The terminology used herein is for the purpose of describing particular embodiments only and is not intended to be limiting of the invention. As used herein, the singular forms “a,” “an” and “the” are intended to include the plural forms as well, unless the context clearly indicates otherwise. It will be further understood that the terms “comprises,” “comprising,” “includes” and/or “including,” when used herein, specify the presence of stated features, integers, steps, operations, elements, and/or components, but do not preclude the presence or addition of one or more other features, integers, steps, operations, elements, components, and/or groups thereof.

Unless otherwise defined, all terms (including technical and scientific terms) used herein have the same meaning as commonly understood by one of ordinary skill in the art to which this invention belongs. It will be further understood that terms, such as those defined in commonly used dictionaries, should be interpreted as having a meaning that is consistent with their meaning in the context of the relevant art and will not be interpreted in an idealized or overly formal sense unless expressly so defined herein.

Hereinafter, preferred exemplary embodiments according to the present disclosure will be explained in detail. For easiness of understanding, same reference numbers will be used for same components in accompanying drawings, and redundant explanation of same components will be omitted.

Also, a method for automatically generating a blank filling question according to an exemplary embodiment of the present disclosure, which will be described hereinafter, may be implemented as a software program, and an information processing apparatus capable of processing digital signals may read the software program and execute the same. Here, the information processing apparatus may be at least one of various apparatuses such as a computer, a laptop computer, a smartphone, a pad-type terminal, etc. Hereinafter, for convenience of explanation, the information processing apparatus may be referred to as ‘computer’. However, the method according to the present disclosure may be executed by not only a computer but also one of various apparatuses having capability of digital signal processing. Also, a method for automatically generating a blank filling question according to an exemplary embodiment of the present disclosure may be implemented as one or more hardware chips.
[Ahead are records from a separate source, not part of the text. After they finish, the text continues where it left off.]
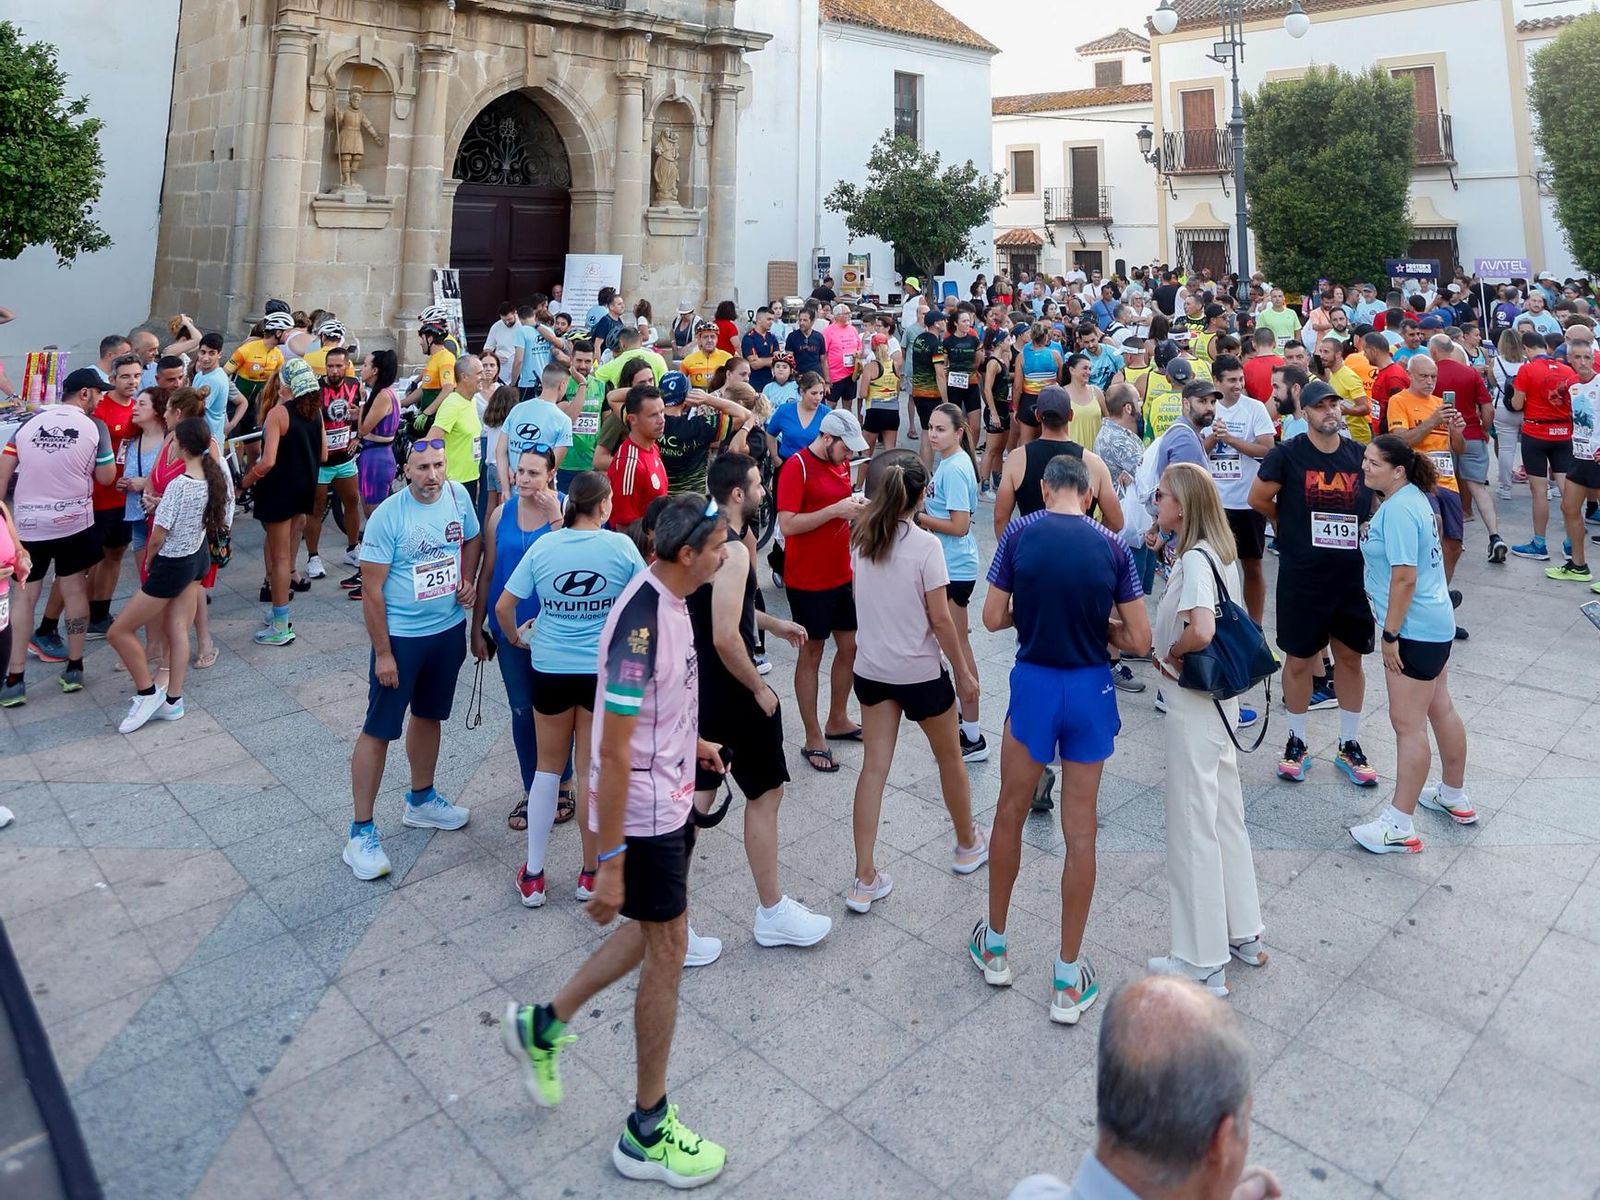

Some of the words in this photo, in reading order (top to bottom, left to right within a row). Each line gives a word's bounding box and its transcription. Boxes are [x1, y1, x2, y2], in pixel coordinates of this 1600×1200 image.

[1480, 260, 1527, 271] AVATEL
[578, 419, 594, 428] 253
[332, 434, 346, 443] 277
[1215, 461, 1233, 471] 161
[1305, 470, 1359, 493] PLAY
[1323, 523, 1349, 537] 419
[426, 569, 451, 588] 251
FIG. 1 is a flow chart illustrating a method for automatically generating a blank filling question according to an exemplary embodiment of the present invention. FIG. 1 briefly illustrates a complete procedure of the method for automatically generating a blank filling question.

Hereinafter, the method according to an exemplary embodiment of the present invention will be explained.

Referring to FIG. 1, a computer may select at least one correct word from an input sentence according to preset criteria (S100). For example, if a sentence “According to the information board at the city bus terminal, buses bound for Orchard Road, and Bridgeway Park are scheduled to depart every hour” is given, a word “scheduled” may be selected as the correct word based on the preset criteria. According to exemplary embodiments, the input sentence may be inputted in various manners. For example, the input sentence may be selected from a text database or from a plurality of sentences stored in the computer. Also, the input sentence may be inputted by using a user interface through a wireless network or a wire network. However, the input method of the input sentence may not be restricted to the above-described methods, and any known methods can be used for inputting the input sentence. Also, the preset criteria may be predetermined conditions. For example, at least one of a conditional random field (CRF) manner, a linear-chain CRFs manner, a general CRFs manner, a hidden-state CRFs manner, a first-order and second-order Markov CRFs manner, a first restricted linear-chain CRFs manner, and any other predetermined manner may be used as the predetermined conditions.

Alternatively, a user interface such as a menu screen may be provided for setting the preset criteria, and a user may configure the preset criteria by using the user interface.

However, the conditions used for selecting the correct word from the input sentence may not be restricted to the above-described manners.

For example, without using the preset criteria, a user interface for the user to directly select the correct word from the input sentence may be provided to the user, and the user may directly select the correct word.

Re-referring to FIG. 1, after the correct word is selected from the input sentence in the step S100 as described above, the computer may acquire a plurality of first words according to first similarities based on a preset criterion (S110). Here, the selected correct word may be compared with respective words included in a vocabulary database to calculate first similarities between respective words and the correct word. Then, the plurality of first words may be acquired from words in the vocabulary database whose first similarities satisfy the preset criterion. For example, the computer may compare the correct word “scheduled” selected from the input sentence with respective words in the vocabulary database, and acquire words having higher first similarities (e.g., {fare, plan, program, docket, time, book} in the vocabulary database) as the plurality of first words.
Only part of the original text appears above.